We do a lot of work with apps and Xamarin here at Infinity. We’ve seen that adding animations to our Xamarin.iOS or Xamarin.Android app makes for a more appealing user experience. But if those animations are overly detailed, programming them may take quite a bit of time. Well, thanks to Lottie (an Open Source animation tool from Airbnb) and Lottie Xamarin (a set of Xamarin bindings for Lottie created by Martijn van Dijk), it's a lot easier to add animations into our apps. Let's check it out.

What's It Do?

Lottie allows us to take an animation created in Adobe After Effects and play it natively in our apps by reading the animation data, which we can export as a JSON file using an After Effects extension called Bodymovin. This is awesome because we can make some pretty cool, detailed animations in After Effects.
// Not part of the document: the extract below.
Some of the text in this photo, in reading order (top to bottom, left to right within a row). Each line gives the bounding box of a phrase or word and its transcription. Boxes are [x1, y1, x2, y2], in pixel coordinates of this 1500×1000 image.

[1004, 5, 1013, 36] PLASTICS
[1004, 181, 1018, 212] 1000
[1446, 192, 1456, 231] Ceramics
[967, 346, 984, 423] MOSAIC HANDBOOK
One of the main benefits to this is that when the design team passes the developer a motion comp and JSON file of the animation, the developer can use Lottie to make the animation run in the app exactly as it was designed. No more trying to program every detail to match the comp.

Lottie Logo Animation Example

Exporting Animation Data

First we need an animation in After Effects. We won't get into actually creating an animation in After Effects; there are plenty of YouTube videos out there if you'd like to learn that. But we will quickly show how to export the animation data for Lottie.
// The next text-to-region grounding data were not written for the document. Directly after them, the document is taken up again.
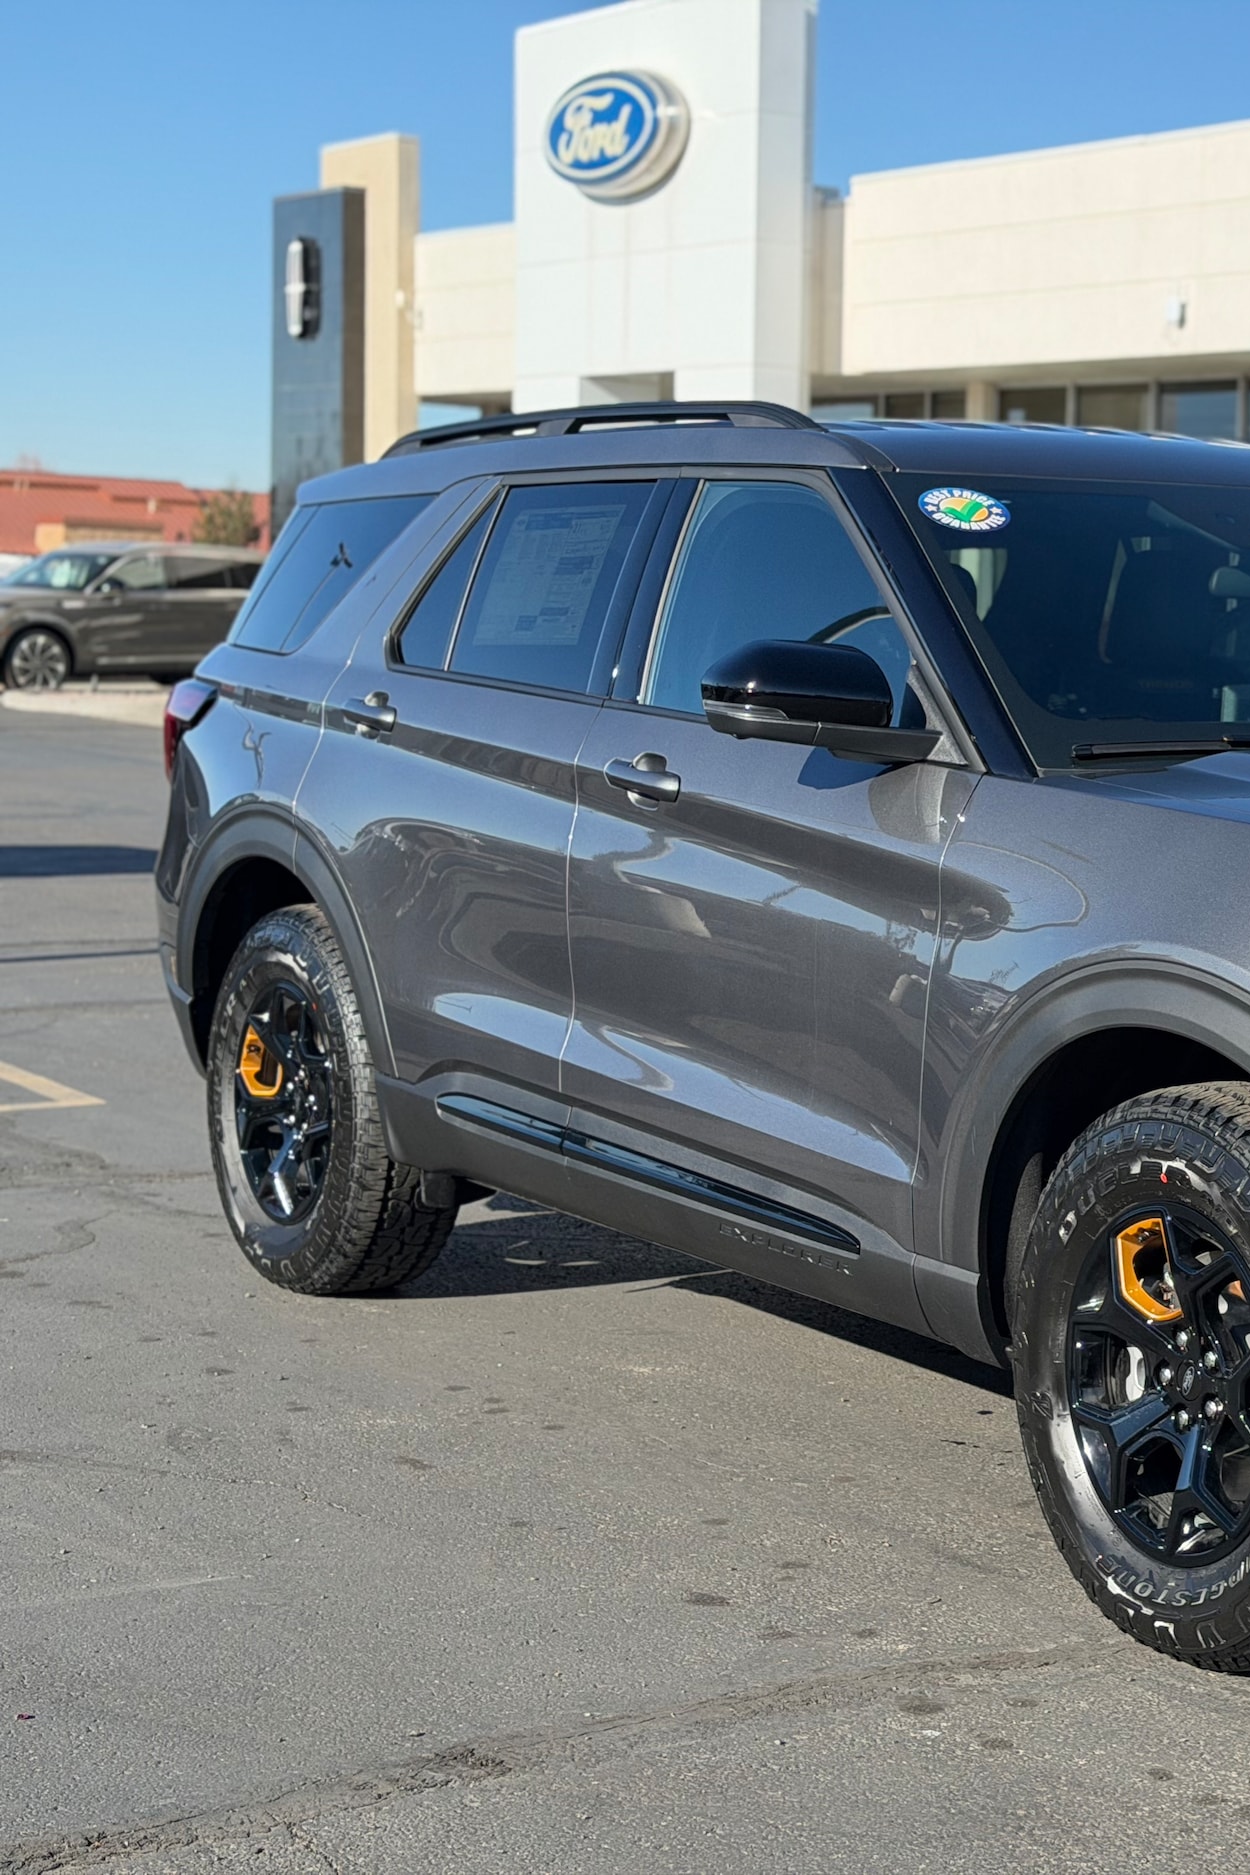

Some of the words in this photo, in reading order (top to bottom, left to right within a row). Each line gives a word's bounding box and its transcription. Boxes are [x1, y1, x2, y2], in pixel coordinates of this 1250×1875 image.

[556, 91, 633, 165] Ford
[923, 489, 952, 505] BEST
[952, 489, 996, 507] PRICE
[931, 511, 1007, 531] GUARANTEE
[719, 1222, 854, 1277] EXPLORER
A good resource is Lottie Files, a gallery site where people can share free Lottie animations. Some of the animations uploaded are just the exported JSON file but others also come with the After Effects file so you can make changes. Another resource is the After Effects samples in Airbnb's Lottie GitHub repos. We're going to use their Lottie Logo example.

Next, install Bodymovin, following their instructions on GitHub. With that installed we open our animation file and export the data using the Bodymovin extension. Once the extension window is open, we select the composition to export and choose a location for the JSON file. Then select Render to export the JSON file. The animation JSON file is now ready to be integrated into the app.

After Effects Bodymovin Extension

Lottie in Xamarin.Android

To use Lottie in our Xamarin.Android app we first add the Lottie for Xamarin.Android NuGet package to our Android project. Then we put our animation JSON file in our Android Assets folder. We're using the LottieLogo1.json example.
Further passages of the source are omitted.